Sì alla convenzione con il privato, no al riferimento a tariffe scontate all'atto di dimettere il paziente
Due mesi di stop al medico ospedaliero: ha permesso che in reparto si facesse promozione al centro sanitario di cui è socia la moglie. E la pubblicità, con tanto di tariffe scontate, fa bella mostra di sé addirittura sulle schede di dimissione dei pazienti che, congedati dalla struttura pubblica, sono così indirizzati al laboratorio privato. Legittima la sanzione disciplinare, nonostante che fra l'azienda ospedaliera e la società che gestisce il centro fosse stata stipulata una regolare convenzione per permettere alla seconda di offrire agli ammalati le prestazioni che la prima non è in grado di svolgere adeguatamente. È quanto emerge dalla sentenza n. 5117 del 3 marzo 2011, emessa dalla terza sezione civile della Cassazione.
Piani divergenti
Sbaglia il sanitario incolpato a sostenere che il giudice della deontologia nell'irrogare la sanzione disciplinare avrebbe in qualche modo sindacato l'attività amministrativa dal momento vista l'esistenza della convenzione ospedale-centro privato (fra l'altro stipulata senza procedura di pubblica evidenza: ma di questo risponderà il direttore sanitario). Il fatto è che titolari di quote della società "incriminata" sono sua moglie e la consorte di un altro medico che lavora nello stesso reparto.
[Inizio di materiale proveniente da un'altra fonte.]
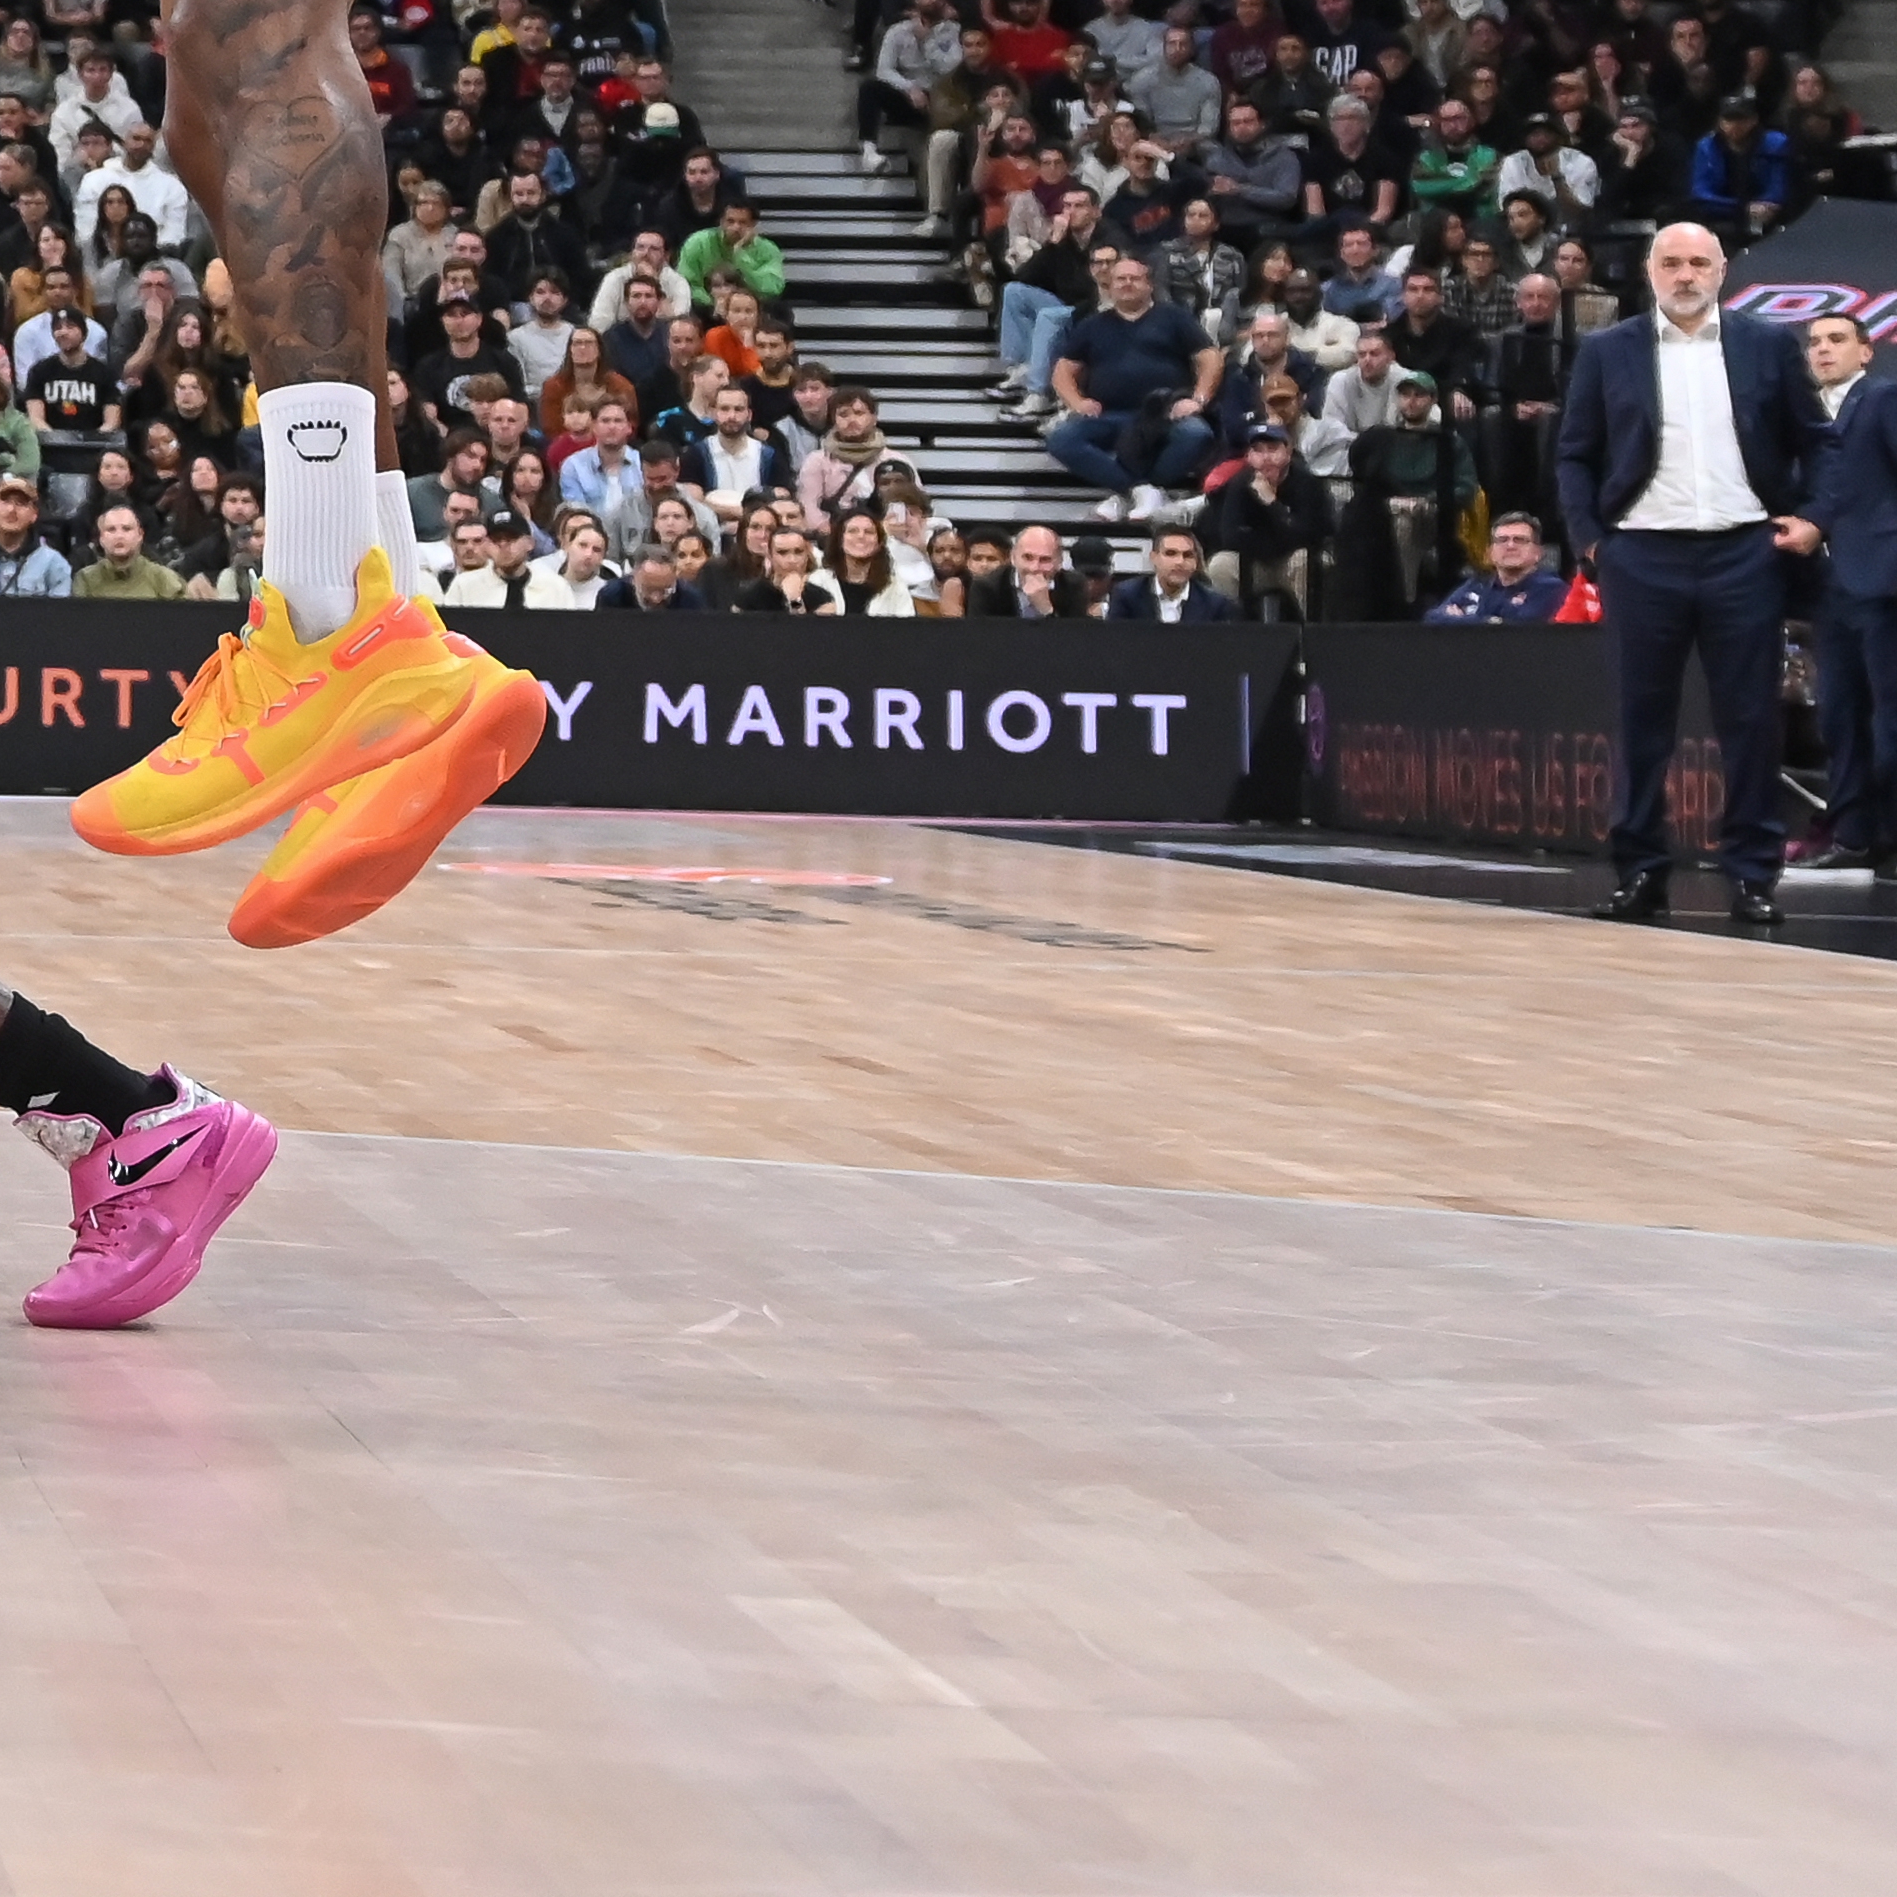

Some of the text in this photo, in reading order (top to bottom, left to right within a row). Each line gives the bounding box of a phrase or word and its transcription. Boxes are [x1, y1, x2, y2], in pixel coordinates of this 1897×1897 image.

[1313, 43, 1359, 87] GAP
[43, 378, 97, 406] UTAH
[641, 681, 1188, 756] MARRIOTT
E il comportamento del professionista può ben rivelarsi rilevante dal punto di vista disciplinare anche se s'inserisce nell'ambito di un'attività, sua o di altri, che risulti perfettamente legittima sotto il profilo amministrativo: i due piani, infatti, sono divergenti perché distinte sono le disposizioni applicabili e diversi i valori di riferimento.